• **WHAT IS NEEDED**
Set every entry below down once more, exactly as it stands, without images.

==== THE DATA

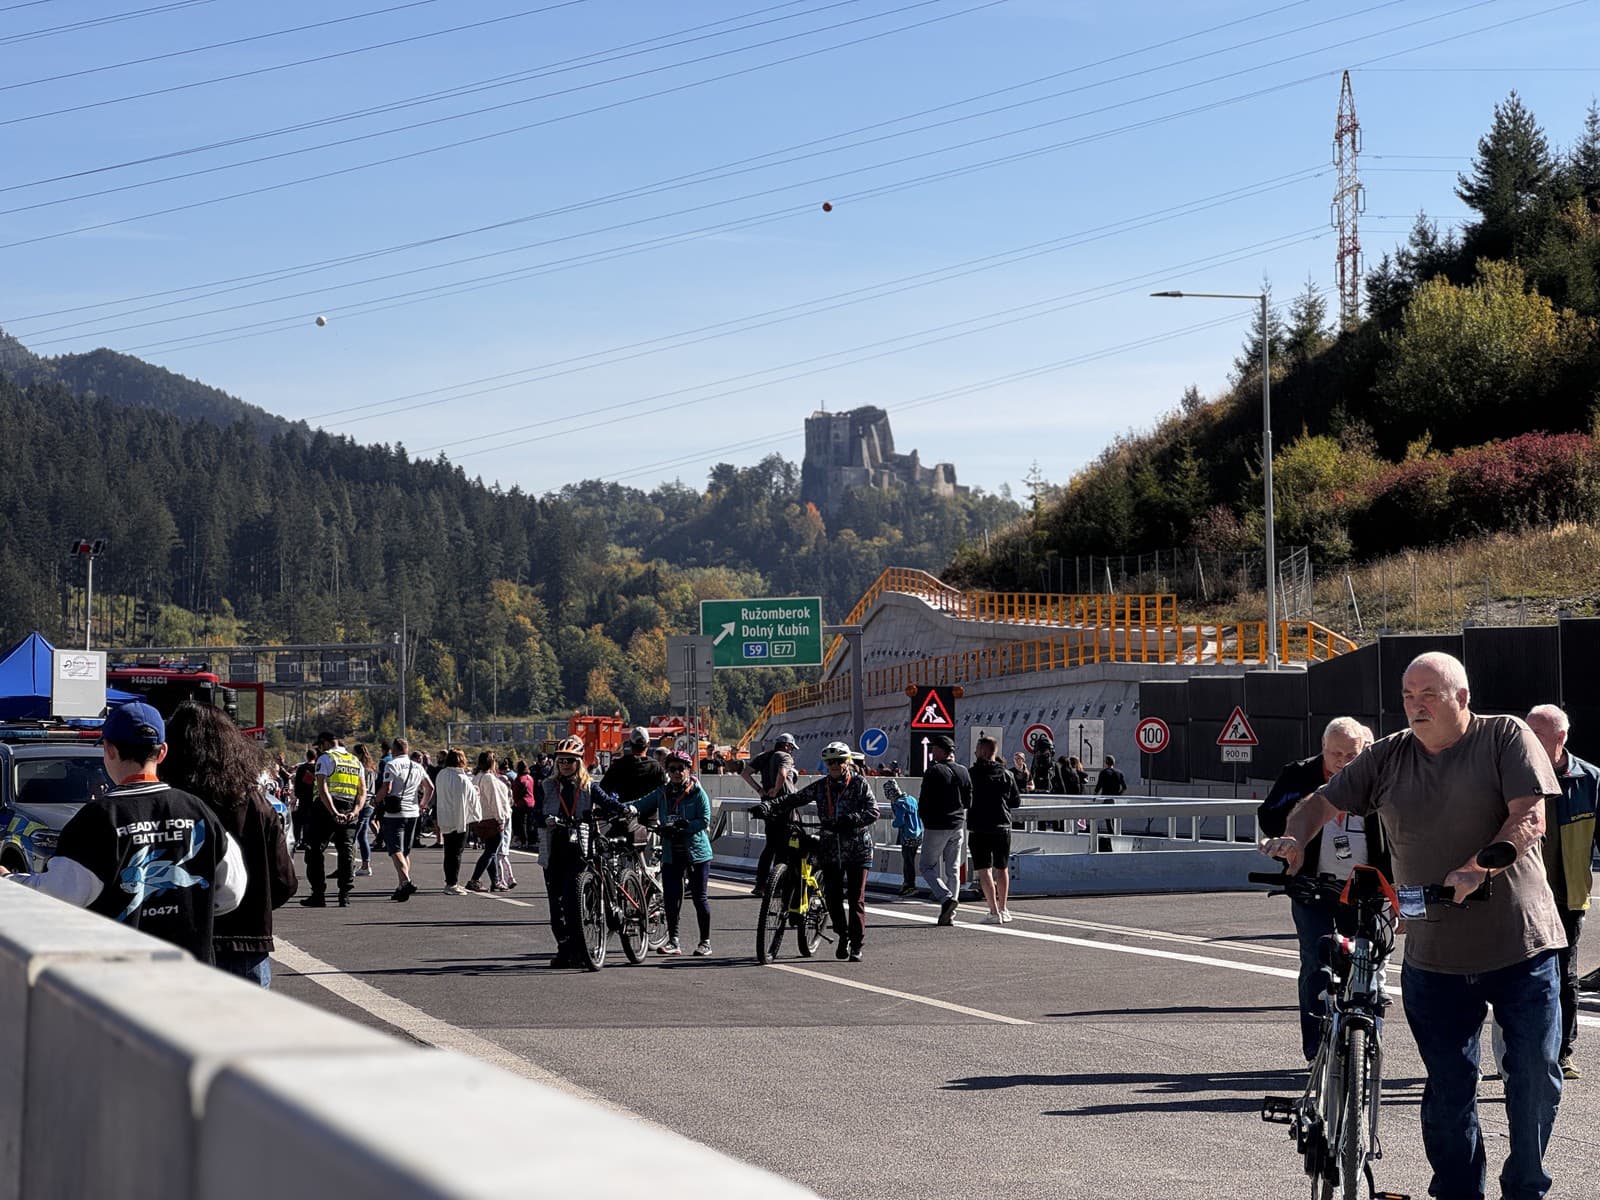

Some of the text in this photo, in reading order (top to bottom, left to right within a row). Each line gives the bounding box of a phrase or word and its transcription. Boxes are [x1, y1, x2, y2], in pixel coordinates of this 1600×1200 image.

[741, 607, 811, 621] Ružomberok
[741, 623, 809, 639] Dolný Kubín
[749, 644, 792, 655] 59 E77
[1142, 727, 1163, 743] 100
[116, 818, 195, 837] READY FOR
[133, 830, 183, 845] BATTLE

========

• **REPLY TO THE TASK**
Some of the text in this photo, in reading order (top to bottom, left to right within a row). Each line gives the bounding box of a phrase or word and its transcription. Boxes are [x1, y1, x2, y2], in pixel coordinates of this 1600×1200 image.

[741, 607, 811, 621] Ružomberok
[741, 623, 809, 639] Dolný Kubín
[749, 644, 792, 655] 59 E77
[1142, 727, 1163, 743] 100
[116, 818, 195, 837] READY FOR
[133, 830, 183, 845] BATTLE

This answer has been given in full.